第9話 「やばい人にビビるアルティメットニート」(何こいつ)


「おのれ凡俗が……ヒューマンの貴様など、サラマンダーさえいなければ!!」

「あぁそうさ……俺は凡俗。Fランクの冒険者さ」


 全ての者が俺と魔王の一騎打ちを見守っている。


「この、落ちこぼれが! なんで貴様なんかが!」

「落ちこぼれ? そうさ、間違っちゃいない……」


 そして俺は手元に赤い魔法陣を起こす。


「俺は落ちこぼれで……! 最強だ!!」


 そしていつもの様にそう叫ぶ。


「ヒートLv1!!」



 ――ドッガァァァァァァァァァアン!!!



 土煙を上げて、魔王が俺の炎の中で灰になっていった。


「ふぅ……終わった」


 少しだけ疲れた。振り返ると、エリーちゃんが潤んだ瞳で俺に飛び付いて来た。


「うわっと……エリー、さん!?」

「すごいわ、すごいわケイン! あの魔王を倒したのよ! こんなに呆気なく! 貴方本当に世界最強のFランカーだわ!」

「ちょ、みんな見てるから……ッ」


 民達もまた喜び、手を打って歓声を上げた。


「ありがとうケイン!! ありがとう! お前は本当に世界最強だよ!」

「助かったのよ私達! あなたのおかげで!」


 たった一人のFランクの冒険者、そして落ちこぼれだった俺に。


 皆が俺を認めて、感謝していた。



 ――あぁこれだ。これが山田拓郎が心から望み、そして叶わなかった世界だったんだ。



 何だか俺の目頭も潤んで来た。すぐにレベルアップの方法を見つけなければ危ない(かもしれない)相手だったし。


「ケイン!」

「んっっ!! エリーさ……ッ!!」


 俺の唇に暖かい物が触れていた。


 この暖かい物はそう、夢にまで見た女の子の唇だ。しかも絶世のエルフ美少女と……。

 

「ひゅーひゅー! お熱いねー!!」

「お似合いだよお二人!」

「ちっ悔しいが、お前にゃ敵わねぇか……」


 頬を赤らめたエリーちゃんは、めちゃくちゃ可愛かった。


「ケイン……私、ずっとずっと貴方の事が……」


 そしてこの世の悪夢が終わったその時だけは彼女も大胆になって、みんなが見守る中で、もう一度俺と唇を合わせる。


「うへっw……くっく……」

「どうしたのケイン?」

「いや、何でもないよ? エリーちゃん……w」





 ――――チョッッッロwwwww!!





 これは落ちたな、完璧にw

 キザな台詞に加えて、熱い戦闘シーンまで演じた甲斐があったというものだw


 山田拓郎の時には手も出せなかった美少女が、今の俺には簡単に手に入る。


 ――欲しい物はぜーんぶ俺の物になる……勝ち組の今の俺にならwww



 ぷりぷりの若い体……良い匂い……柔らかい肌……

 今夜この胸も、尻も唇も心も、ぜーんぶっwww♡



 くふふ……美少女エルフいっただきぃwww


 俺は告白の返事とばかりに、潤んだ瞳をする彼女を抱き寄せながら、唇を近付けていく。


「んちゅぅ〜〜〜ww」








 ――じゃり。


 もう何も阻む者の無い筈だった俺達の元に、近寄って来る者がいた。

 誓いのキッスを中断して、俺達は彼を見つめる。

 全く良い所で邪魔しやがって……


 ――え? この人って確か……


 真っ黒い神父服(こういうのは確かスータンって服だったと思う)に胸から銀の十字をぶら下げている。

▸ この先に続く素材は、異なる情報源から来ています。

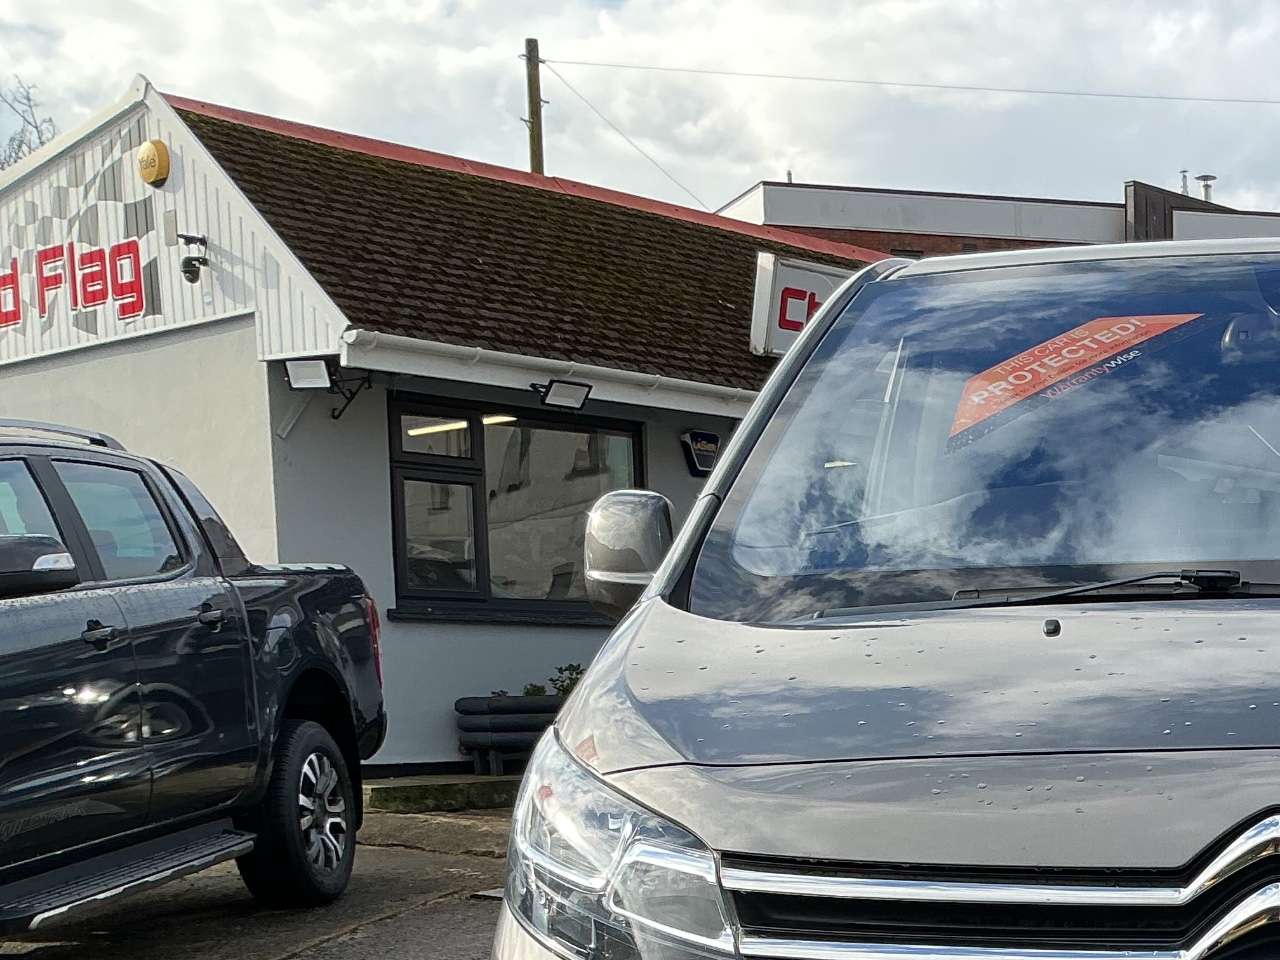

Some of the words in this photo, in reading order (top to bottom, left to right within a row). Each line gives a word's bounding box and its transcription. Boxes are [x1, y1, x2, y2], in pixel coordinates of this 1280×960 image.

[36, 239, 145, 321] Flag
[969, 318, 1147, 405] PROTECTED!
[992, 353, 1034, 377] THIS
[1035, 337, 1070, 357] CAR
[1071, 328, 1090, 342] IS

 その神父様が、いつもの様にニコニコと笑いながら、俺達の元に近寄って来る。


 ――なんか、とんでも無い物を引き摺って!


「えっと……神父様? その、今引き摺っている、人を貼り付けられる位に巨大な十字架は一体……」


 神父は2メートル程もある巨大な銀の十字架を、音を立てて引き摺っている。


「あの……神父様? やっぱり貴方って黒幕だったり?」

「……」


 神父は何も言わずに俺の前に歩み出ながら、スッと笑顔を消して細い瞳になる。


「あの、だから神父様? それは……なんなんですかねぇ?」


 黙り込んでいた神父は急に冷たい表情に変わり、その巨大な十字架を逆さにして地に突き立てた。

 そして勢い良く叫び始めた。


「エデンに入り込む不遜な輩ぁ……神の作りし庭園に、土足で踏み込む愚か者ぉ……。ゲスがぁ、ゲスがぁ……このッゲス野郎があ!! 今、主の御名の元に! 断罪執行! 楽園追放! 慈悲も無く!! たぁぁだロンギヌスの槍の様に!! 神の胸を貫いた!! ぁぁあの聖槍の様にィィ!!」



 泣きまくった神父が、今度は獣の様に叫び出した。



「処刑を開始する――――チィツジョの為ニィィイイッッ!!!」

「うわわわ……」

「これは貴様の墓標だぁ……。きたねぇきたねぇクソ蛇がぁ――ッ!!」


 そのおじさんがもの凄い巻き舌で叫ぶと、なんか空気がビリビリと震えた。


 ただなんかヤバイ人が来たなって、俺は思った。


 でも多分大丈夫だろう。


 俺チートだしw。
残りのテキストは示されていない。